By Brian Fawcett | February 14, 2016

Sleep, by Nino Ricci, Doubleday Canada, Toronto, 2015, 235 pages, HB, $30

 

Nino Ricci is a serious novelist, among the most skilled Canada has. He chooses substantial things to write about, does his research, writes sentences that are clear and muscular, doesn’t seem to have a trace of the woo-woo airheadedness that infects so many Canadian novelists, and he appears to be immune to the moral music of stampeding cattle.

That’s why I was more than a little surprised when his latest novel, Sleep, failed to make the shortlist for any of Canada’s now-numerous book prizes during the 2015 prize jamboree. Every other book he’s written has been knee-deep in prize nominations and awards. Both Lives of the Saints (1990) and The Origin of Species (2002) took the GG, and I thought that his least-feted title, Testament (2008), an intelligent and moving fictional account of the life of Jesus Christ, should have won every prize in the country.

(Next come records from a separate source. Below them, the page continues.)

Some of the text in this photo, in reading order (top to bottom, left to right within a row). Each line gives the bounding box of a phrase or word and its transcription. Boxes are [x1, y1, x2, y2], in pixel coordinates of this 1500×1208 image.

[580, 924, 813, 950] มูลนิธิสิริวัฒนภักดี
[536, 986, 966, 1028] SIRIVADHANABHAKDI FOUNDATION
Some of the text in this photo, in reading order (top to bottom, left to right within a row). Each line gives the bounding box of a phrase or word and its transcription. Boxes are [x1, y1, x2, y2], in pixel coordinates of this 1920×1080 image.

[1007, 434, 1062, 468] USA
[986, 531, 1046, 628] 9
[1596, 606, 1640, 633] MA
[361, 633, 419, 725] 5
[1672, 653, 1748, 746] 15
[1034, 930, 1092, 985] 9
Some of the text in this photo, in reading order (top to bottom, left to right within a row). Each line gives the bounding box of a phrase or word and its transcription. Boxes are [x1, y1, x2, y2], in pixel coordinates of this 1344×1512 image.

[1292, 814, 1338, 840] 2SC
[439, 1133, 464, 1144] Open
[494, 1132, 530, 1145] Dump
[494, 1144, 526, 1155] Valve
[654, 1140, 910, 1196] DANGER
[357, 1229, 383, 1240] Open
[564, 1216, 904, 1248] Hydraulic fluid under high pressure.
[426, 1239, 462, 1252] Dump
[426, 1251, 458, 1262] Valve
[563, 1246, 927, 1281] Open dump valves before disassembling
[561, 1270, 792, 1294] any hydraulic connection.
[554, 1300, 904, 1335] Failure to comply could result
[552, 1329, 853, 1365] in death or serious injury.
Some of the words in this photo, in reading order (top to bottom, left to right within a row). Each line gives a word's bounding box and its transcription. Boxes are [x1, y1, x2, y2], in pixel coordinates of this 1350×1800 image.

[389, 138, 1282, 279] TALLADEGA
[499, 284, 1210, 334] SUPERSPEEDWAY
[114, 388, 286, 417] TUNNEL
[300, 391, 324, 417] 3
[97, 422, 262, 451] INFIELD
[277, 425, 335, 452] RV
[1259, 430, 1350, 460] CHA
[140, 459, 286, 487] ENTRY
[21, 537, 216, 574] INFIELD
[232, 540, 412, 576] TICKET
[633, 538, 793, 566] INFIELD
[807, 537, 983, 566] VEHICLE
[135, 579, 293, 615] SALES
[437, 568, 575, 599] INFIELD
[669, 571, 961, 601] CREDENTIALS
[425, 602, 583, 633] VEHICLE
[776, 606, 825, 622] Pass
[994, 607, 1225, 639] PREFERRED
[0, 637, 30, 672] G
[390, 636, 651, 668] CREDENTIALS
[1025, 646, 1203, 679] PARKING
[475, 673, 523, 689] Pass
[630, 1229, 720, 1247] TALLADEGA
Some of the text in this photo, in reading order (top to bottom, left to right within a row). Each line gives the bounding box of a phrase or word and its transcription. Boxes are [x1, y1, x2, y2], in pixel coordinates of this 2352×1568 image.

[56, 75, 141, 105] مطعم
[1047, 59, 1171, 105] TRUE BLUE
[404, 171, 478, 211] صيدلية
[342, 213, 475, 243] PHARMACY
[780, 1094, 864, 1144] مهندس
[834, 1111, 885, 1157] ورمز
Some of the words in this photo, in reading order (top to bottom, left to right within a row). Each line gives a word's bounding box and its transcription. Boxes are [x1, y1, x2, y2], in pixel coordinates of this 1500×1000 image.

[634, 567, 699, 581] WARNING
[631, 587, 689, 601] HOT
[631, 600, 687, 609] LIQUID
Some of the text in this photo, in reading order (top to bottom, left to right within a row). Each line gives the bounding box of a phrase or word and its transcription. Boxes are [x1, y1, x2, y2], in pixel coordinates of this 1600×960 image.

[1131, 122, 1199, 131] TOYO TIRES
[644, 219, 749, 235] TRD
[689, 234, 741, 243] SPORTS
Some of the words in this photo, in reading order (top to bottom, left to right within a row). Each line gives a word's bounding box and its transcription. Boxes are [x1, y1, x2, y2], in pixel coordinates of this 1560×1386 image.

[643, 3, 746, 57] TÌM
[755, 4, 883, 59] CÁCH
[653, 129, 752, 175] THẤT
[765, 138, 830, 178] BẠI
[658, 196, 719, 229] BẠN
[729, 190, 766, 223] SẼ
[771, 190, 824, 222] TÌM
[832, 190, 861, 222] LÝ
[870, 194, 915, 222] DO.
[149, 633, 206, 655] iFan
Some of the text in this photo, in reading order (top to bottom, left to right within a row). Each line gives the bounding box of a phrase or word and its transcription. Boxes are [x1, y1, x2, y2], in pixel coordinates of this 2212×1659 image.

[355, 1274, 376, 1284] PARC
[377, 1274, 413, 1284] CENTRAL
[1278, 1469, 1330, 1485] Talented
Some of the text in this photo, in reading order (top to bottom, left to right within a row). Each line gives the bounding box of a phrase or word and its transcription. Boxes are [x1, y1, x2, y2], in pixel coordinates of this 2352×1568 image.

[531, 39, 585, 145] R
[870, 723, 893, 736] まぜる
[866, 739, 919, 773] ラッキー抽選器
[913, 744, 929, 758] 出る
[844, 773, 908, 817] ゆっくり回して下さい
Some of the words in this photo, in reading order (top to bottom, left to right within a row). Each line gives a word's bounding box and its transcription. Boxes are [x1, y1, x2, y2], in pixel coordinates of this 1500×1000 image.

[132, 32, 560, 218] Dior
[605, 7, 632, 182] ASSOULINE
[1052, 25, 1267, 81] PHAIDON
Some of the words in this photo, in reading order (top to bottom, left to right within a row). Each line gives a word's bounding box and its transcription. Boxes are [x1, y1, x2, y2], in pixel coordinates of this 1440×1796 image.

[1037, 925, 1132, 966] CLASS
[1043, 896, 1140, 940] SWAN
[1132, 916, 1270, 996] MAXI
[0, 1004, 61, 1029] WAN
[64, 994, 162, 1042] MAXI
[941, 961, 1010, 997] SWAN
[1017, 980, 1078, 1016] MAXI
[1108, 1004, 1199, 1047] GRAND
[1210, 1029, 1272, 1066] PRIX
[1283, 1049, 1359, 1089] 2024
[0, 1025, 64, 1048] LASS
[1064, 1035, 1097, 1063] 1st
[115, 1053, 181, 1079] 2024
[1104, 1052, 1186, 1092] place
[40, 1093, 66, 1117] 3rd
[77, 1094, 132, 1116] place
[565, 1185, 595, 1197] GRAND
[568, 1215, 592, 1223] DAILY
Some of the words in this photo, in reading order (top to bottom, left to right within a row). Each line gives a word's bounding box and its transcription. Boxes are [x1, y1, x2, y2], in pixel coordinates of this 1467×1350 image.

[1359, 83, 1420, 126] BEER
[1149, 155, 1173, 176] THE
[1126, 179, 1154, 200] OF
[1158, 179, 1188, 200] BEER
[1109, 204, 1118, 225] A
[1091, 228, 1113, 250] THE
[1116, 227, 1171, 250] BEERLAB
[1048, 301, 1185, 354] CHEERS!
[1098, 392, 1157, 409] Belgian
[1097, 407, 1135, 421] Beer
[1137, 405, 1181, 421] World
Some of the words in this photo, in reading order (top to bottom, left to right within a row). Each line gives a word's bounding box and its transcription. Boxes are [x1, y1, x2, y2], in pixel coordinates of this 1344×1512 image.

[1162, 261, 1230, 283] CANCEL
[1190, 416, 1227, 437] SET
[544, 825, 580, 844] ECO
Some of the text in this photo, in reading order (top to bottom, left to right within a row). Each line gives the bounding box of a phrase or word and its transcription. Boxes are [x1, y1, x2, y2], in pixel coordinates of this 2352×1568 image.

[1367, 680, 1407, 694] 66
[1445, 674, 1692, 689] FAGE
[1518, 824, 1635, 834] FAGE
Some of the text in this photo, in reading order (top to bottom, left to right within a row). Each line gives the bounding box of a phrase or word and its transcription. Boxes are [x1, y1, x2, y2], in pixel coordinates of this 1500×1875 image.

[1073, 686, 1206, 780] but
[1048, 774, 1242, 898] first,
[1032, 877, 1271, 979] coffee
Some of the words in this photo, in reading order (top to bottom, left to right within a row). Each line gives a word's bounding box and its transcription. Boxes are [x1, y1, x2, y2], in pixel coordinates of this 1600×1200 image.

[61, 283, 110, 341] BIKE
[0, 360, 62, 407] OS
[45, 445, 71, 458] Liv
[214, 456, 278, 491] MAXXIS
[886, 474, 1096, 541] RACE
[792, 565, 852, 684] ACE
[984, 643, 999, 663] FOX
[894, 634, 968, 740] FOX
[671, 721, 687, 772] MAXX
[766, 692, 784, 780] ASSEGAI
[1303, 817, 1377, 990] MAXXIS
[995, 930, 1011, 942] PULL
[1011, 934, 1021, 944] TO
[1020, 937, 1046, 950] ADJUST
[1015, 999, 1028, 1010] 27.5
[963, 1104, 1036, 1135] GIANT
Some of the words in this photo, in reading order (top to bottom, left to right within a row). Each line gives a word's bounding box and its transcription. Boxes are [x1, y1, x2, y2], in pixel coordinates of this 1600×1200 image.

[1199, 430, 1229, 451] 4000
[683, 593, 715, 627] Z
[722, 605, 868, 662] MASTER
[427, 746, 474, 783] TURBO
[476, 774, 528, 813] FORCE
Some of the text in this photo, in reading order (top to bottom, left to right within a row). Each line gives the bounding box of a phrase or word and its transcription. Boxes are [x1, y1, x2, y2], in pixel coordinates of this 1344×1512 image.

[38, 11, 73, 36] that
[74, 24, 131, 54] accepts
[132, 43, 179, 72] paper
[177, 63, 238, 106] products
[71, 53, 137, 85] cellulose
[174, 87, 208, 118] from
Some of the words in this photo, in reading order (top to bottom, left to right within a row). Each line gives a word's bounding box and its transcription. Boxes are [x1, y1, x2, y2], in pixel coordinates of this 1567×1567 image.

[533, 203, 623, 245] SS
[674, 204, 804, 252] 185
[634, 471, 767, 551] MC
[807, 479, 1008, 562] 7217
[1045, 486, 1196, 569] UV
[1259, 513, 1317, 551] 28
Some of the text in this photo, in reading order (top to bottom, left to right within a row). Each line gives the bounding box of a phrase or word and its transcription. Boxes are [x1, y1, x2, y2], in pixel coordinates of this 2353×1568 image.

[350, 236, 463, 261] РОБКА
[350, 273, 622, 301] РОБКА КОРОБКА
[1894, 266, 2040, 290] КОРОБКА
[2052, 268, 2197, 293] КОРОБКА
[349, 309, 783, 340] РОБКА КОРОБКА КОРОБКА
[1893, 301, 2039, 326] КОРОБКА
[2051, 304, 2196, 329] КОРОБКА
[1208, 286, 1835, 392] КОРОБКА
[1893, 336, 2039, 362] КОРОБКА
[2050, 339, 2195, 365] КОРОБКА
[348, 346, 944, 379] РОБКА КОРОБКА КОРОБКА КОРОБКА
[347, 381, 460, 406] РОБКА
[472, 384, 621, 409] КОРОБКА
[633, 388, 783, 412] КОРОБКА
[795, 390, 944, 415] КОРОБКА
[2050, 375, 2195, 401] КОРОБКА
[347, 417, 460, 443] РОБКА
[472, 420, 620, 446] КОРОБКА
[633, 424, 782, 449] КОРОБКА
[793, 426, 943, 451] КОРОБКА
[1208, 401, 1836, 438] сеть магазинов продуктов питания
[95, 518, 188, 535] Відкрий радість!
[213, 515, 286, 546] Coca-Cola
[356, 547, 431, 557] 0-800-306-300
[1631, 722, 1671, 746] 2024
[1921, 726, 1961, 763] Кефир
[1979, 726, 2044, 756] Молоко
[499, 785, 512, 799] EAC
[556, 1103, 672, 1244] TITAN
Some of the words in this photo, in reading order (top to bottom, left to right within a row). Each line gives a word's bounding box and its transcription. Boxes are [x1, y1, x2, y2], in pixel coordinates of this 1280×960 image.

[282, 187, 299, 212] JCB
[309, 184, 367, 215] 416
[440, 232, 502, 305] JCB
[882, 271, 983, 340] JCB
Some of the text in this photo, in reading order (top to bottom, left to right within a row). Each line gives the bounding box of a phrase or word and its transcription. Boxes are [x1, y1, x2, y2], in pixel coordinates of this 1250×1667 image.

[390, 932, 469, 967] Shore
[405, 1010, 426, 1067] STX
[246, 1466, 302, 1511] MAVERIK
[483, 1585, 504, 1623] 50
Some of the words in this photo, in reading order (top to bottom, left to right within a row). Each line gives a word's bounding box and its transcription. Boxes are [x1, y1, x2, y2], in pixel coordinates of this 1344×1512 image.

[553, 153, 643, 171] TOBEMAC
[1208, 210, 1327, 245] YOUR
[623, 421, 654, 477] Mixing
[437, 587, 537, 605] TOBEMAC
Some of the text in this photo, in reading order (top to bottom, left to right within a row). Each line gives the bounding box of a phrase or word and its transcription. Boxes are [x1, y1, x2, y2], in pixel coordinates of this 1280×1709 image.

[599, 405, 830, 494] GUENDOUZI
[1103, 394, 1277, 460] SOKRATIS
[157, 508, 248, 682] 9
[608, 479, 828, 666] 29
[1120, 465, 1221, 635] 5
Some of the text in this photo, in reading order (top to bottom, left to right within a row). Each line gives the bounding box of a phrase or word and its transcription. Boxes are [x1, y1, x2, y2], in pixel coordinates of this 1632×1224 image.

I’ve made an effort over the years to read at least a few of the novels that get shortlisted for the Giller and GG fiction prizes, and generally, it hasn’t been an uplifting task. Canadian book juries in 2016 are, first of all, as much about marketing commodities as they are about literature. Their ostensible industrial job is to uncover and select the most smoothly-written, culturally “significant” and sellable fiction published by Canadian authors during the given market year, which is roughly October to October. The jury priorities, theoretically, go in the order I’ve listed them, with the GG juries also charged with the added responsibility of ensuring regional, gender and erotic choice representation while supporting “diversity.” In the real world, their job is much more complicated, and most years, the juries seem to choose the winning fiction for its cultural topicality, literary conventionality, and saleability at Chapters/Indigo—in roughly that order, occasionally at a moderate cost to the English language and my sanity.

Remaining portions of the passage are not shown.